Bill Clinton Supports Study Into Opioid Alternatives Of Pain Treatment

Former US President Bill Clinton said that the results of a clinical trial into the efficacy of CBD in pain management are "very encouraging," and he has stressed the importance of looking into alternatives for opioid-based painkillers, said a press statement from the company supplying the cannabinoid for the study.

The former president has apparently been following the progress of cannabinoid trials at NYU Langone, which were done using products supplied by Orcosa that contained CBD provided by TR Processing or TRP, the latter said on Tuesday.
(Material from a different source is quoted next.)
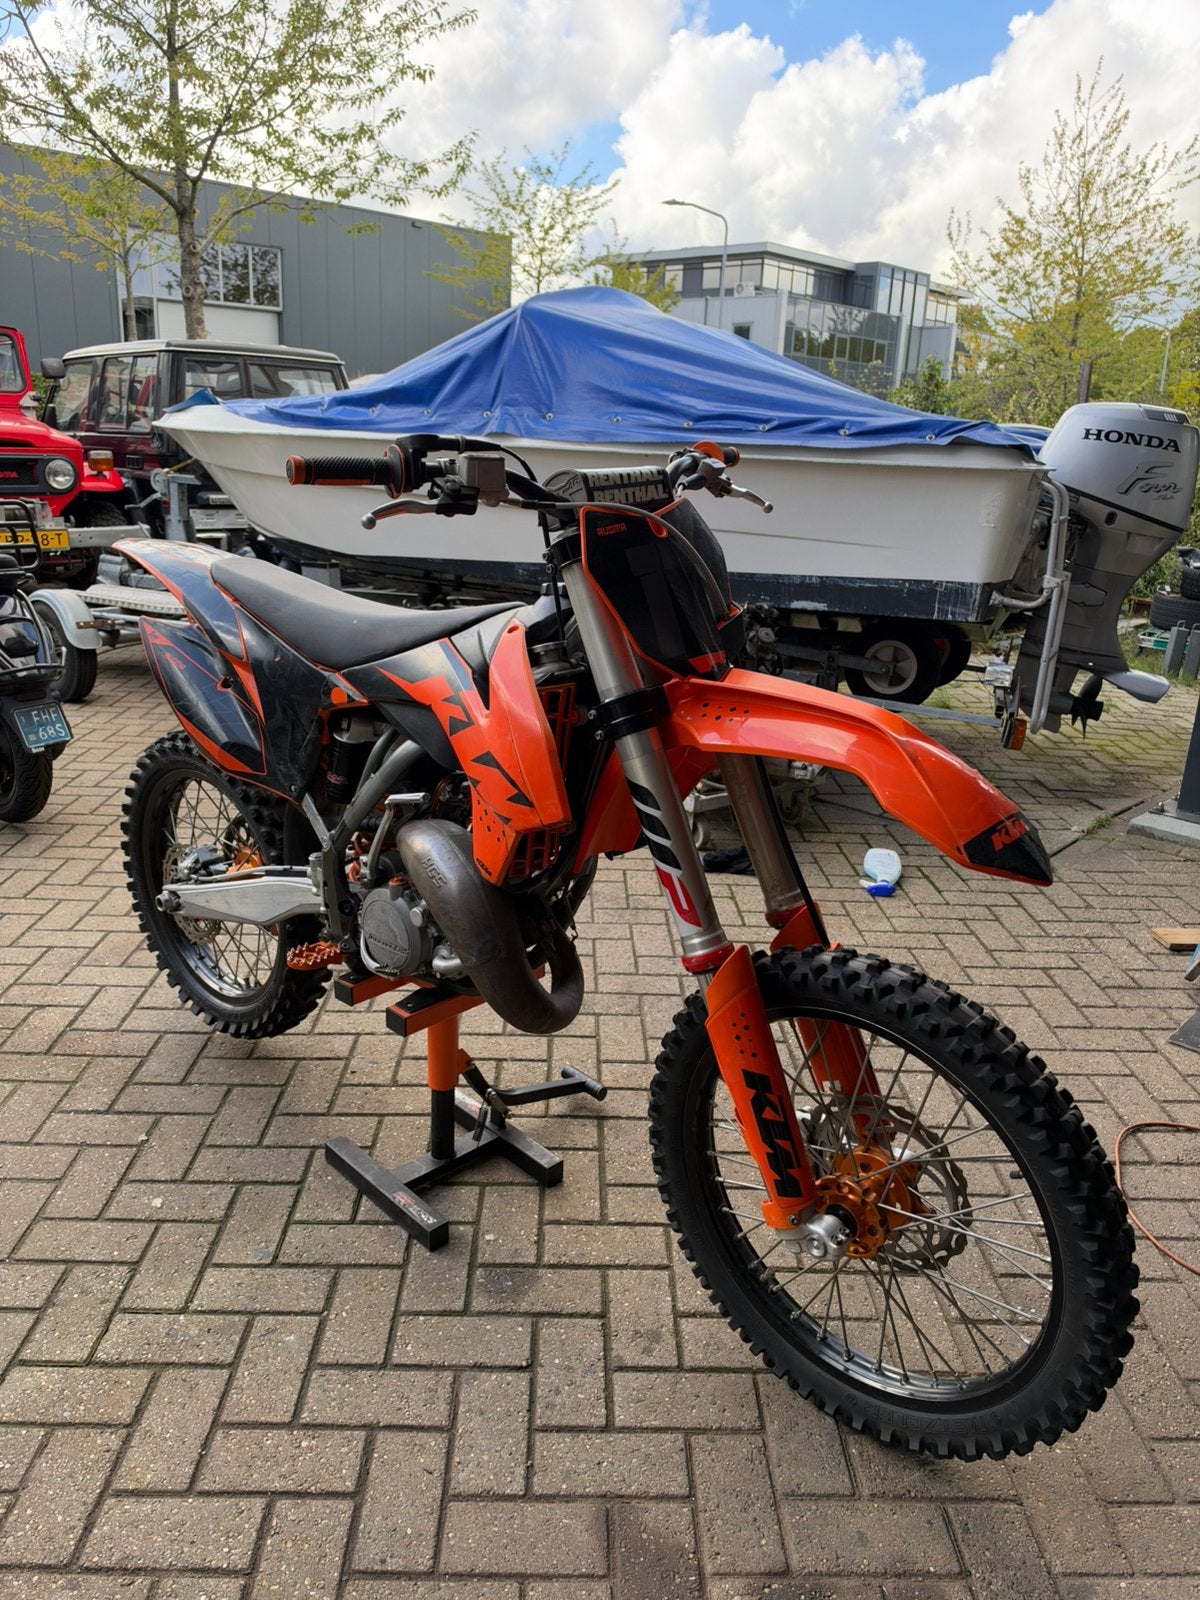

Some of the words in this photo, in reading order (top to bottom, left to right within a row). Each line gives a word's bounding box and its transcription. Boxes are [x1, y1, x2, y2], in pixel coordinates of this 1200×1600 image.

According to the press release, Clinton was quoted as saying, "The Clinton Foundation has worked for years to reduce opioid addiction and deaths. To succeed, we need non-addictive alternatives to pain management. The results of the trial conducted by NYU Langone, with TRP's CBD ingredient, are very encouraging and I'm eager to see the results of the next round."

The results of the clinical trial, which involved 99 participants aged 18-75 years who underwent rotator cuff surgery, found that Orcosa's CBD tablet Oravexx brought down to a large extent post-operative pain compared to the placebo, without any serious side effects.

The new statement on the results are in line with the comments made by the former president reportedly earlier this year, talking about upcoming research into cannabidiol as an effective treatment method to help tackle pain.

Regarding Clinton, the President's administration had opposed efforts to legalize medical cannabis and even took the extreme step of threatening to revoke Drug Enforcement Administration or DEA, prescribing licenses for doctors who recommended marijuana to patients in accordance with state law.

Also, despite pleas to reduce the racially disparate crack-cocaine sentencing disparity, the former president took no action to remediate the issue. He also rejected requests to lift a federal ban on harm reduction policies like syringe exchange programs.

Yet, in an exit interview published by Rolling Stone in 2000, just before he left office, Clinton planned to endorse cannabis reform, saying that he thinks that "most small amounts of marijuana have been decriminalized in some places, and should be."